Interaction between coroutines and threads

Introduction

On the planning stage of the library, it was believed that being able to migrate a coroutine from one thread to another was a desirable property, and even a necessary one to take full advantage of the completion port abstraction provided by the Win32 API. During the implementation stage it became apparent that guaranteeing this property was going to be a considerable challenge.

In the end the decision to prohibit migration as been taken. This section shows why it is unfeasible with current compilers/standard libraries to allow coroutine migration.

The problems

One of the problems with migrating coroutines is the handling of thread local storage. If such an object is accessed, the thread specific copy is acceded instead. Consider the following code (it is plain C to simplify the generated assembler output, but is by no mean restricted to it):

__thread int some_val;

void bar();

int foo () {
  while(1) {
    bar();
    printf("%p", &test);
  }
}

The __thread storage class is a GCC extension to mark a global object as having thread specific storage. Most compilers that support threaded applications have similar facilities albeit with slightly different syntaxes. Let suppose that every time bar() is invoked, foo() is suspended and then resumed in another thread. We would expect that at every iteration printf() will print a different address for test, as every thread has its own specific instance. For this function GCC generates the current assembler output (non relevant parts have been omitted):

.L2
        call    bar
        movl    %gs:0, %eax
        leal    test@NTPOFF(%eax), %eax
        pushl   %eax
        pushl   $.LC0
        call    printf
        popl    %eax
        popl    %edx
        jmp     .L2

This is straightforward. The first line calls bar, the second line loads from the thread register (GCC uses the GS segment register as a thread register) the address of the TLS area, then the third line load the address of the current thread instance of test in EAX. The fourth and fifth line push on the stack the parameters for printf (#.LCO is the symbol that contains the string "%p"). The sixth line calls it. The seventh and eight line pop the argument from the stack and finally the last line returns to the first.

This code does the right thing at every iteration print the a new value for the address of test. If we compile at an higher optimization level things are no longer fine:

movl    %gs:0, %eax
        leal    test@NTPOFF(%eax), %ebx
.L2:
        call    bar
        pushl   %ebx
        pushl   $.LC0
        call    printf
	popl    %ebx
        popl    %edx
        jmp     .L2

Even on an optimization level as low as -O1 (usually considered safe), the compiler hoists the load of the address of test outside the loop.
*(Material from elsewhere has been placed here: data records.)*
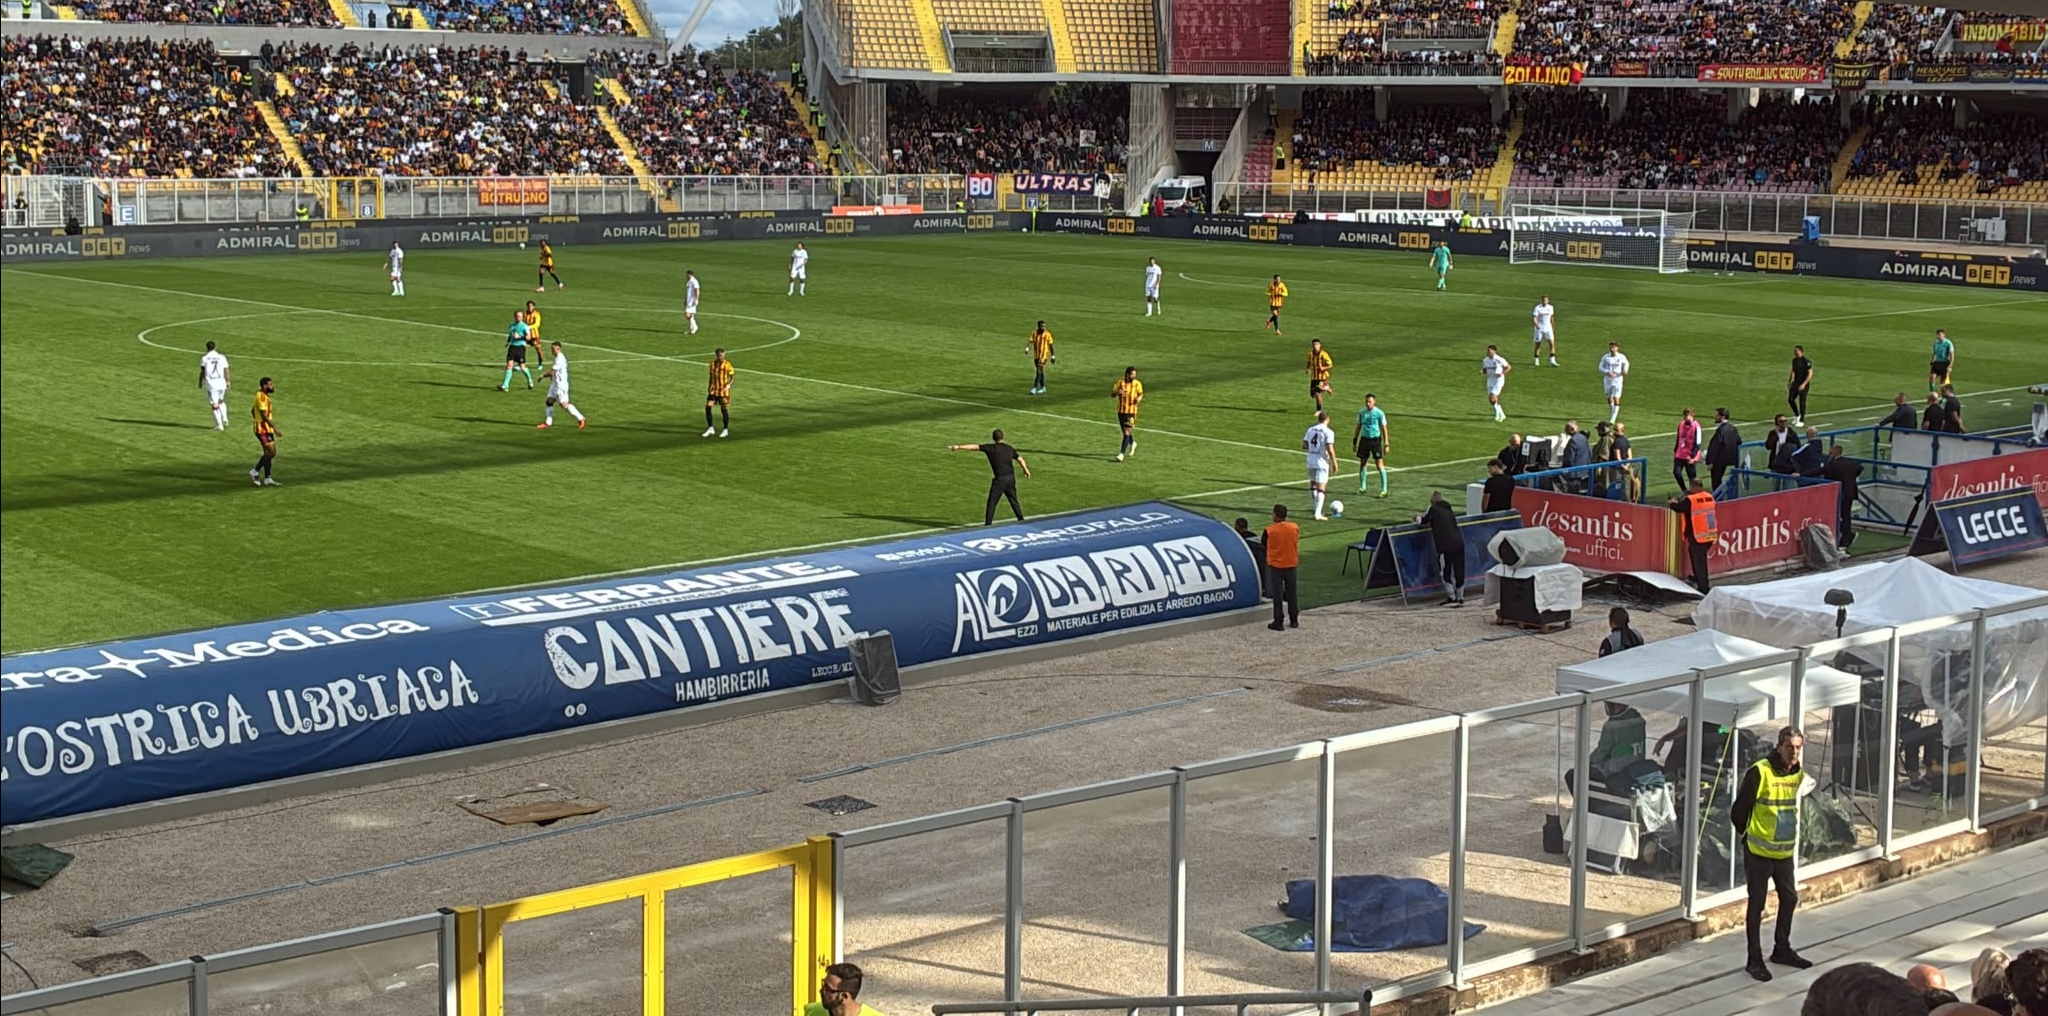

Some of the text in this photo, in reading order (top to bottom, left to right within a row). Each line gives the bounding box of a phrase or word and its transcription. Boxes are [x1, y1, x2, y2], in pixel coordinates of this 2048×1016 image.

[1505, 66, 1570, 85] ZOLLINO
[1717, 67, 1744, 79] SOUTH
[1779, 67, 1807, 79] GROUP
[969, 177, 992, 196] BO
[1016, 174, 1093, 191] ULTRAS
[481, 191, 548, 203] BOTRUGNO
[122, 207, 133, 222] E
[913, 217, 966, 229] ADMIRAL
[968, 216, 993, 228] BET
[603, 224, 666, 238] ADMIRAL
[668, 224, 699, 237] BET
[766, 220, 823, 233] ADMIRAL
[826, 220, 853, 232] BET
[1055, 217, 1106, 230] ADMIRAL
[1108, 220, 1134, 232] BET
[1193, 224, 1248, 238] ADMIRAL
[1250, 227, 1277, 240] BET
[217, 234, 296, 249] ADMIRAL
[299, 234, 336, 248] BET
[420, 229, 491, 243] ADMIRAL
[494, 229, 528, 242] BET
[1338, 231, 1397, 246] ADMIRAL
[1399, 234, 1430, 247] BET
[83, 240, 124, 255] BET
[1499, 240, 1565, 256] ADMIRAL
[1568, 243, 1601, 257] BET
[1679, 251, 1753, 266] ADMIRAL
[1756, 253, 1793, 268] BET
[1880, 262, 1964, 281] ADMIRAL
[1967, 266, 2009, 282] BET
[211, 360, 219, 374] 7
[1310, 432, 1318, 447] 4
[1531, 500, 1633, 541] desantis
[1957, 505, 2028, 545] LECCE
[1707, 508, 1791, 559] santis
[500, 561, 825, 613] FERRANTE
[1047, 590, 1234, 632] MATERIALE PER EDILIZIA E ARREDO BAGNO
[545, 588, 870, 689] CANTIERE
[1017, 624, 1038, 638] EZZI
[143, 619, 430, 669] Medica
[675, 667, 770, 702] HAMBIRRERIA
[1, 659, 479, 781] 'OSTRICA UBRIACA
Now the loop will always print the same value.

Unfortunately this specific compiler provides no switch to disable this specific optimization. Other compilers might do the same thing. The only compiler we know that provides a switch to explicitly disable this optimization is Visual C++, as this is often used with code that uses fibers.

It might be argued that #__thread# is not part of the

It might be argued that __thread is not part of the C++ standard, so its handling is undefined anyway. Putting aside the fact that something similar to __thread is likely to be part of the next release of the standard, abstaining from using it is not a solution. For example on many systems the errno macro expands to a symbol declared the equivalent of __thread. Also thread local variables might be used in standard library facilities (memory allocation is a very likely candidate), and an optimizer capable of inlining library functions might hoist loads of those variables outside loops or at least move them across yield points.
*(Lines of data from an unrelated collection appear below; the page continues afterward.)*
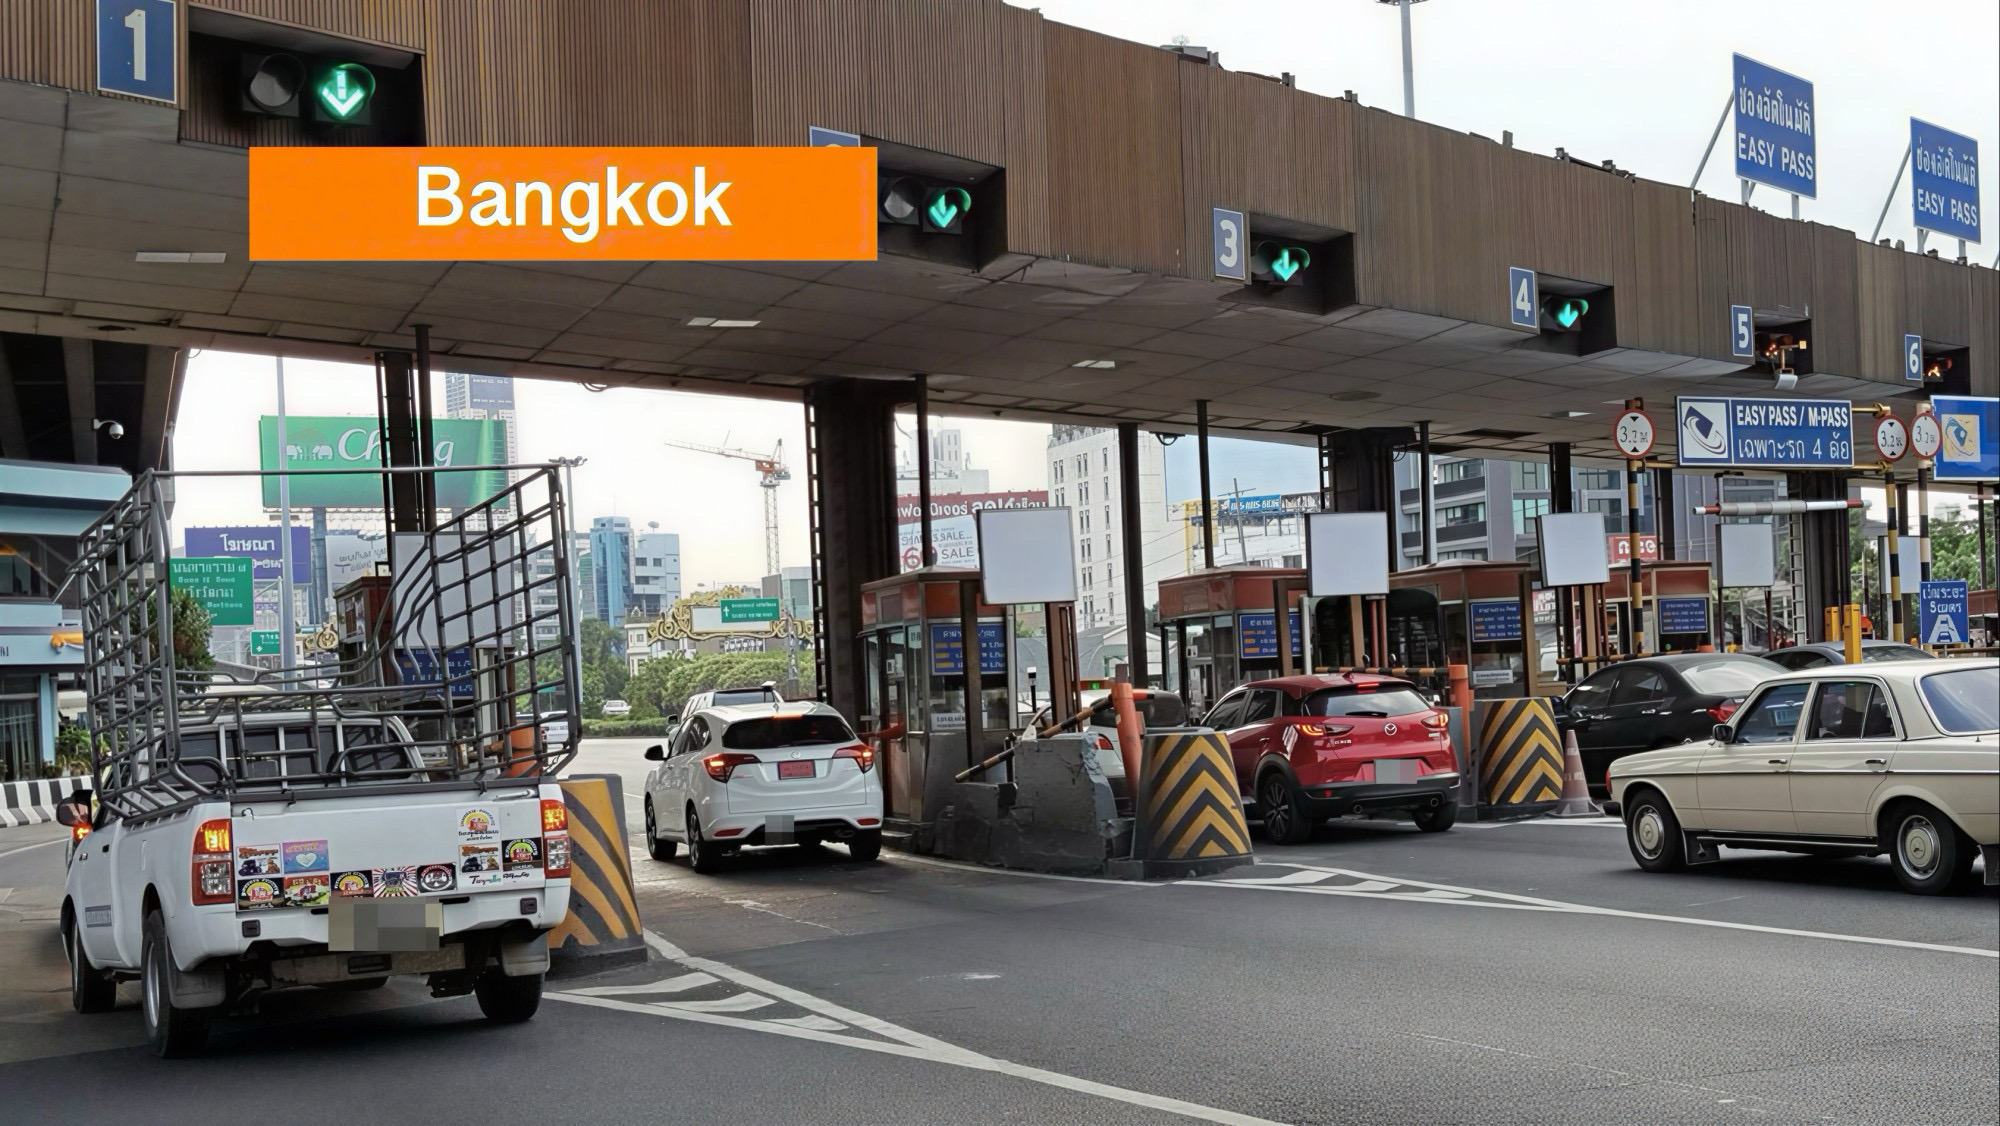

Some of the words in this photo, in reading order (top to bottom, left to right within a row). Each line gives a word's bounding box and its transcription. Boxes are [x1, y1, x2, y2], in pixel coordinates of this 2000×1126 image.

[124, 9, 147, 82] 1
[1738, 132, 1775, 168] EASY
[1781, 146, 1814, 180] PASS
[1917, 188, 1946, 217] EASY
[1950, 198, 1978, 227] PASS
[1219, 219, 1238, 268] 3
[1515, 277, 1532, 318] 4
[1737, 313, 1749, 349] 5
[1909, 342, 1919, 374] 6
[1736, 405, 1766, 426] EASY
[1768, 405, 1797, 427] PASS
[1799, 406, 1805, 426] /
[1808, 406, 1849, 428] M-PASS
[338, 428, 455, 467] Chg
[1812, 438, 1823, 460] 4
[941, 547, 975, 560] SALE
Fixing compilers is unfortunately not enough. Operating systems might need to be fixed too; consider the following code:

mutex mtx;

void bar();

void foo() {
  lock(mtx);
  bar();
  unlock(mtx);
}

Where mutex is some synchronization primitive, and bar() a function may migrate the current coroutine to another thread. Aside of the fact that is bad practice to hold a lock across a yield point, many operating systems require a mutex to be unlocked by the same thread that locked it, breaking the code above.

Conclusion

The above scenarios are just two examples. There are many possible ways that coroutine migration could break otherwise perfectly fine code. For reference see this blog about using fibers in .NET code and MSDN article about the perils of fiber mode in SQL Server.

In the end Boost.Coroutine provides the only thread safety guarantees that are believed to be safe on all systems. Note that, as coroutines are not to be shared between threads, internal reference counting is not thread safe (it doesn't necessarily use atomic operations).